Katrina Johnston | Allen Forrest

My grandfather, Bill Shuster, lied to my grandmother. I guess it runs in the family because I lied too. On a cool September afternoon when the birds fell silent and the grass still needed clipping, my 12-year-old son, James, returned home from school. I was trying to read.

James asked about our family history. “An essay for class,” he said. “I need to know all about my family’s heritage.”

I told James that his great grandfather, Bill, was a fine man. But really Bill was a slacker and an incorrigible drunk. His wife, Louisa, stuck by him for 33 years. Just why she did, I never knew.

“Your great grandfather was a pillar of the community,” I told James.

“Pillar — what?”

“You know, a column or a corner of a building that holds it up strong.”

“My great grandfather was a pillar?”

“He worked in construction, rebuilding stuff, like that old red brick building down by the river. You should be proud of him — a well-respected guy.”

At this juncture, James informed me that he would definitely prefer to work on the essay another time and off he went outdoors to claim his freedom. I settled back to read, but soon I put the book face down, closed my eyes and settled into my own reveries.

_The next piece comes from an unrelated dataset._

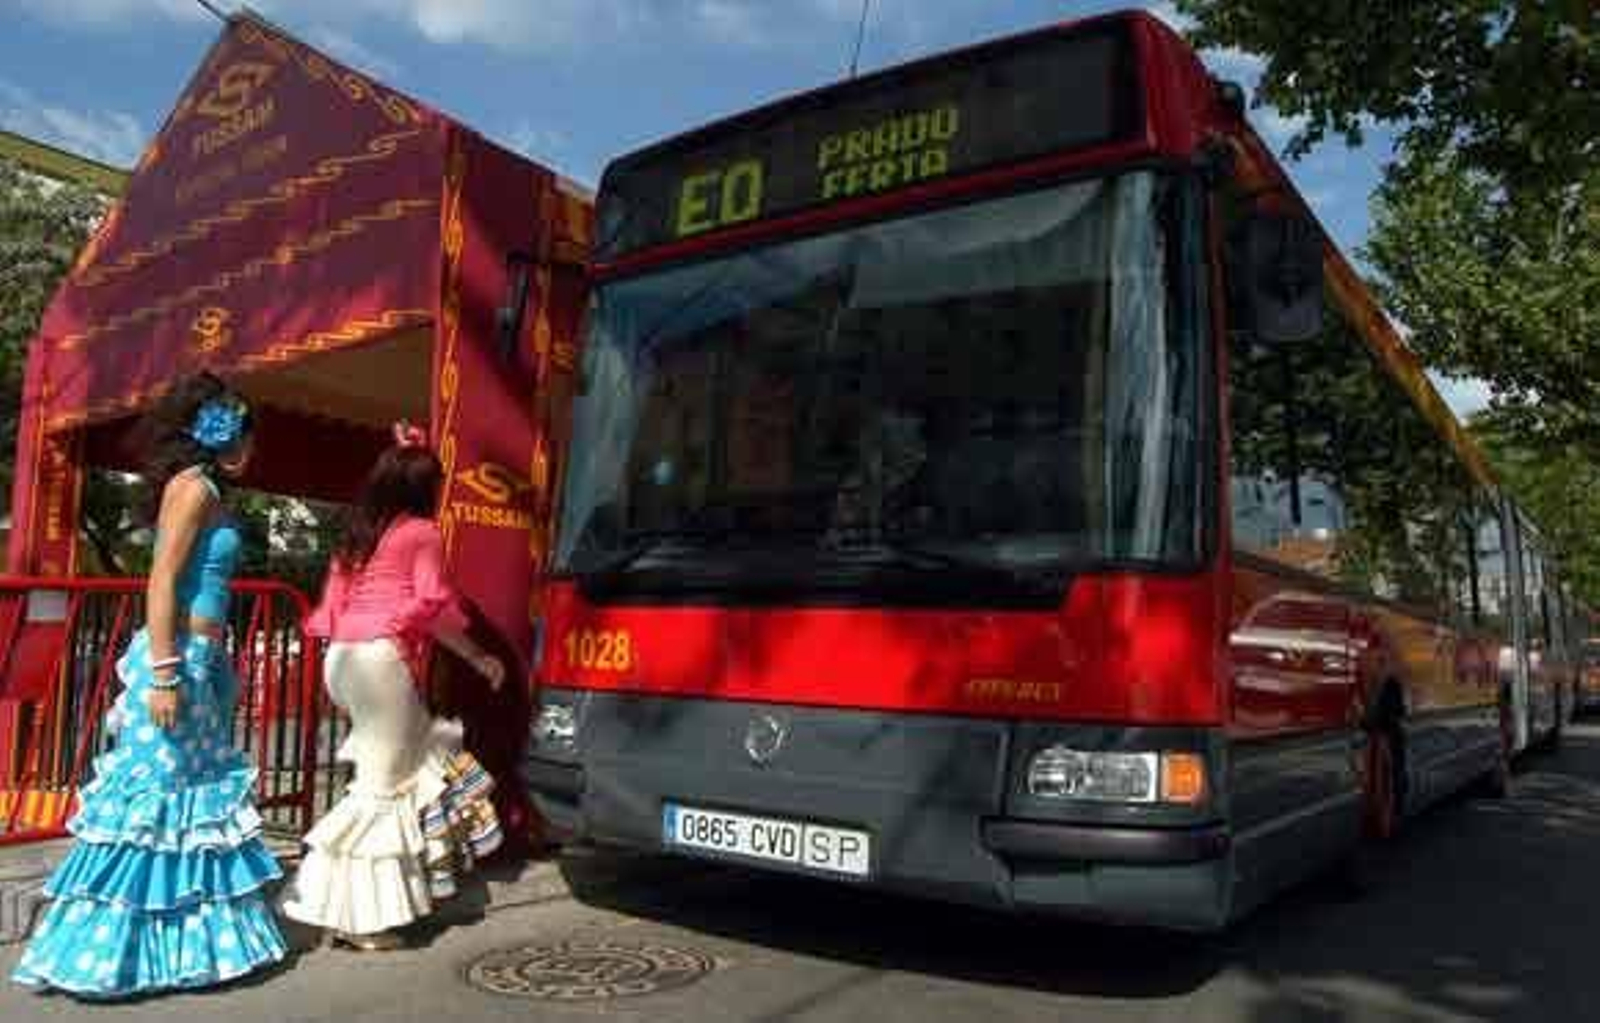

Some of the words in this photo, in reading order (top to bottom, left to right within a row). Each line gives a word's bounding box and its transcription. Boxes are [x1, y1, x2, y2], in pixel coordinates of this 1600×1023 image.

In 1953, my grandfather told his wife, Louisa, that he had a respectable construction job. It was full-time work on Newbury Street. He pulled on a pair of work pants and a worn cotton shirt; packed a metal lunch box with two cheese sandwiches wrapped in wax paper. He added a freckled banana and a dimpled apple to the lunch. He set off at dawn, saying goodbye to his wife with a dignified bow and a sloppy kiss. Bill waved farewell.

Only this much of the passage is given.